Prenons l’exemple de l’amendement qui visait à interdire l’importation de l’huile de palme. En raison de ses répercussions dans mon département des Bouches-du-Rhône, à La Mède, chez Total, je ne l’avais pas voté. J’avais voté contre, non pas parce que je suis favorable à l’importation et à l’utilisation de cette huile, mais parce que je mesurais le risque que cette suppression brutale faisait peser sur 700 emplois, donc sur 700 familles, dans ce territoire.

Dans ce cas, j’ai été partagé, comme tout à l’heure, entre une éthique de conviction, d’une part – à savoir, en finir avec l’huile de palme –, et une éthique de responsabilité, de l’autre. J’ai préféré une solution raisonnable visant à accompagner une sortie progressive de l’huile de palme.

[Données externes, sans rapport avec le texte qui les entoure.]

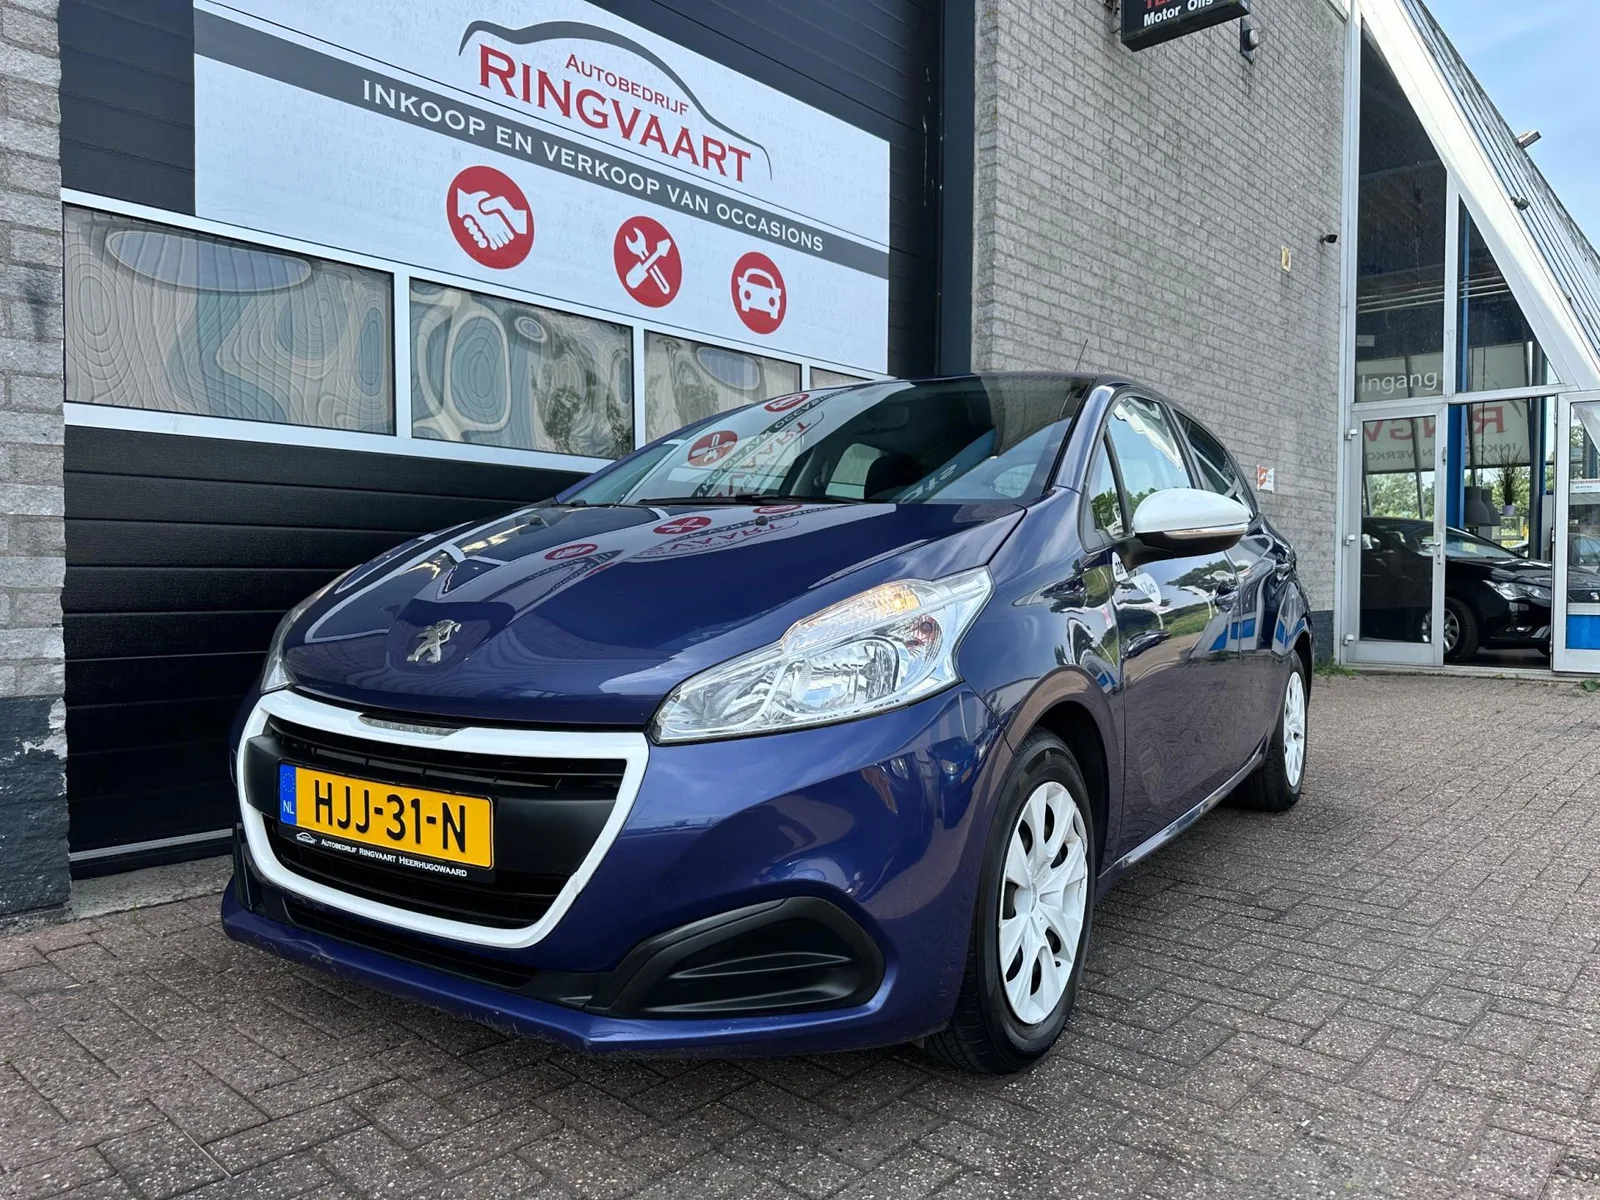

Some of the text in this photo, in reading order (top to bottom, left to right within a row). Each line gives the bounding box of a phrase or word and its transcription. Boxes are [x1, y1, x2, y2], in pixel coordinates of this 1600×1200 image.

La responsabilité ne se résume pas à presser un bouton à quatre heures du matin, comme on presserait sur une gâchette.

Encore plus près de ma circonscription, à Gardanne, la fin du charbon est annoncée pour le 1er janvier 2022. Les 60 salariés concernés par cette fermeture, qui menaçaient il y a quelques jours de mettre le feu au département, seront accompagnés, avec des mesures de reclassement. De plus, on laissera suffisamment de temps à la centrale pour mener à bien une reconversion complète.

Mes chers collègues, c’est d’une manière solennelle que je m’adresse à vous. Dans quelques instants, vous allez voter pour ou contre l’article 9, qui ne prévoit aucun aménagement ni accompagnement. Relever le seuil d’audit légal, d’une façon aussi brutale, sans accompagnement, sans délai d’adaptation, c’est exécuter 10 000 emplois. Ce sont 10 000 familles potentiellement laissées sur le carreau !

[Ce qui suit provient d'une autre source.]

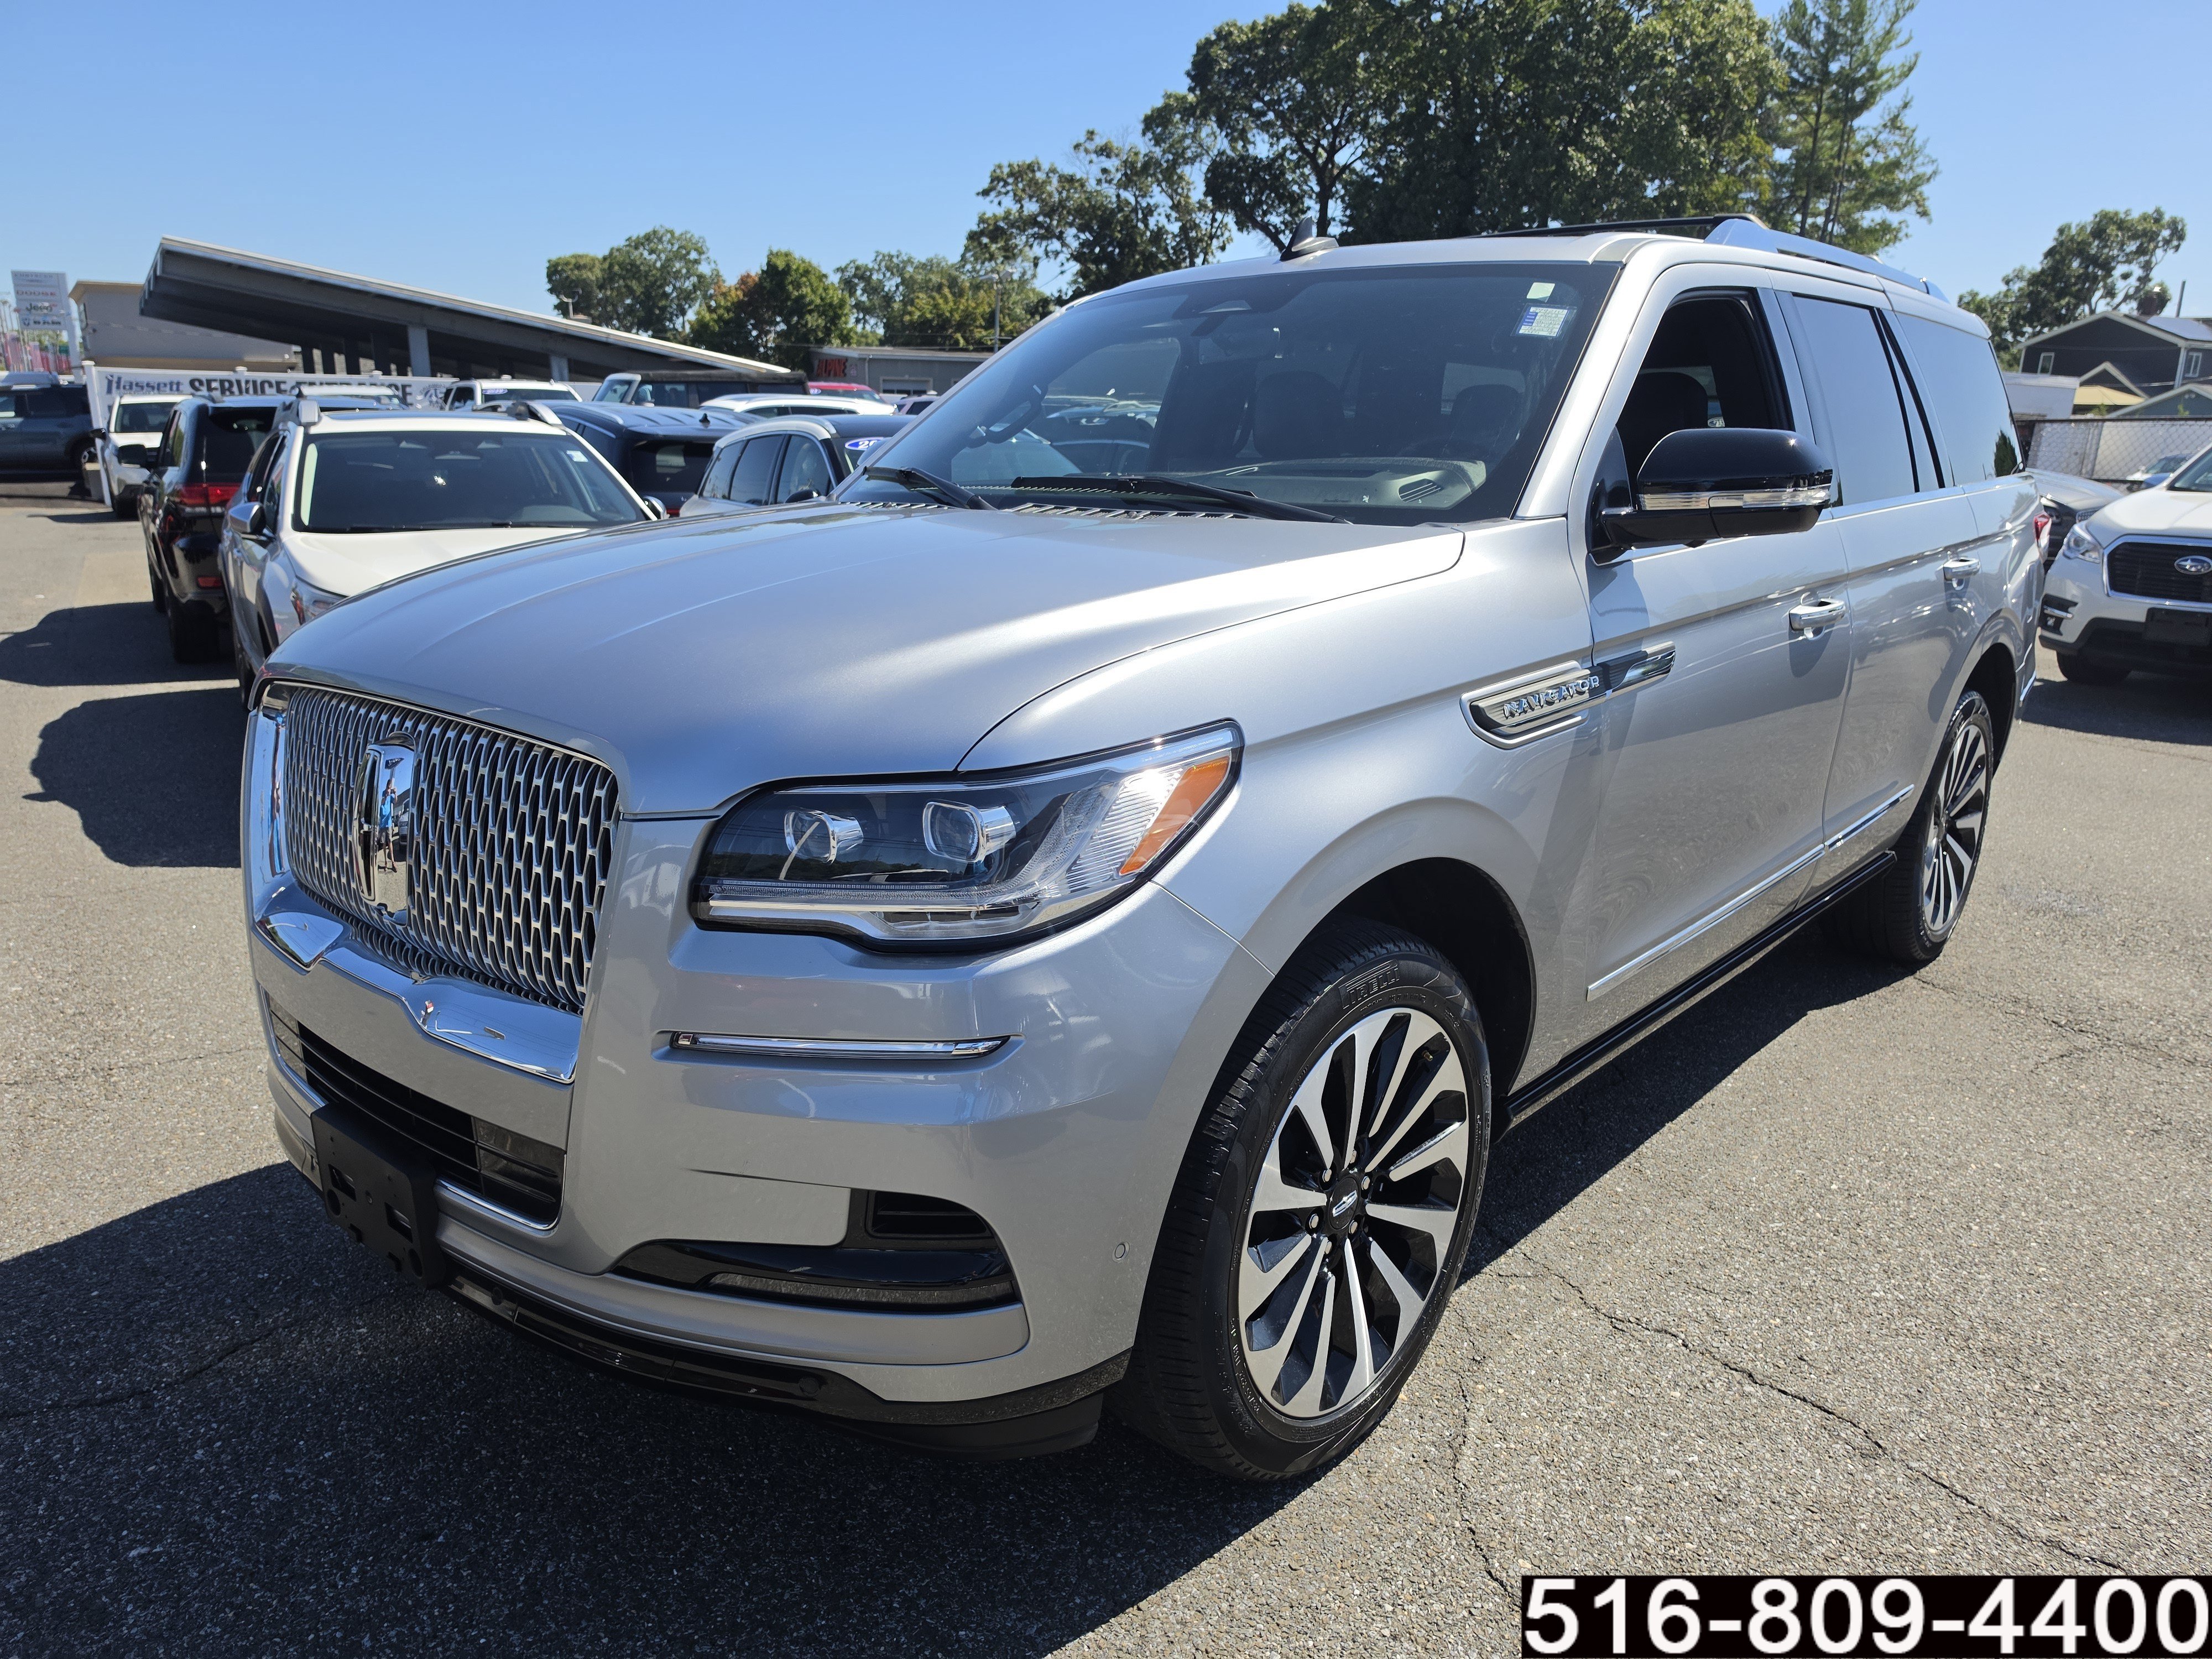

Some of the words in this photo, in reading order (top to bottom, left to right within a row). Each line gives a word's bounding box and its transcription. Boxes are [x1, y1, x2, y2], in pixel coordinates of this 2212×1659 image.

[189, 378, 288, 395] SERVICE
[1503, 675, 1600, 719] NAVIGATOR
[1338, 958, 1400, 1010] PIRELLI

Il est vrai que les commissaires aux comptes ne bloquent pas les ronds-points et ne menacent pas de mettre le feu. Ce n’est pas dans leur culture. Ils sont avant tout légalistes, car ils ont prêté serment de respecter la loi et de la faire respecter.

La responsabilité commande la prise en compte de l’ensemble des paramètres avant toute prise de décision. Pourquoi l’accompagnement qui prévalait pour les uns ne prévaudrait-il pas pour les autres ?

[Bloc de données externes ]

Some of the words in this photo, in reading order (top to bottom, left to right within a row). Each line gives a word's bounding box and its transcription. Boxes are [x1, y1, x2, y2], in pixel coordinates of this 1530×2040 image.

C’est pourquoi, madame la secrétaire d’État, permettez-moi de vous dire comme je le pense : ne comptez pas sur moi pour participer à ce peloton d’exécution. C’est à la lumière de mon éthique de responsabilité, et dans un souci de cohérence, que, comme pour les 700 emplois précités, je n’appuierai pas sur la gâchette en votant cet article. »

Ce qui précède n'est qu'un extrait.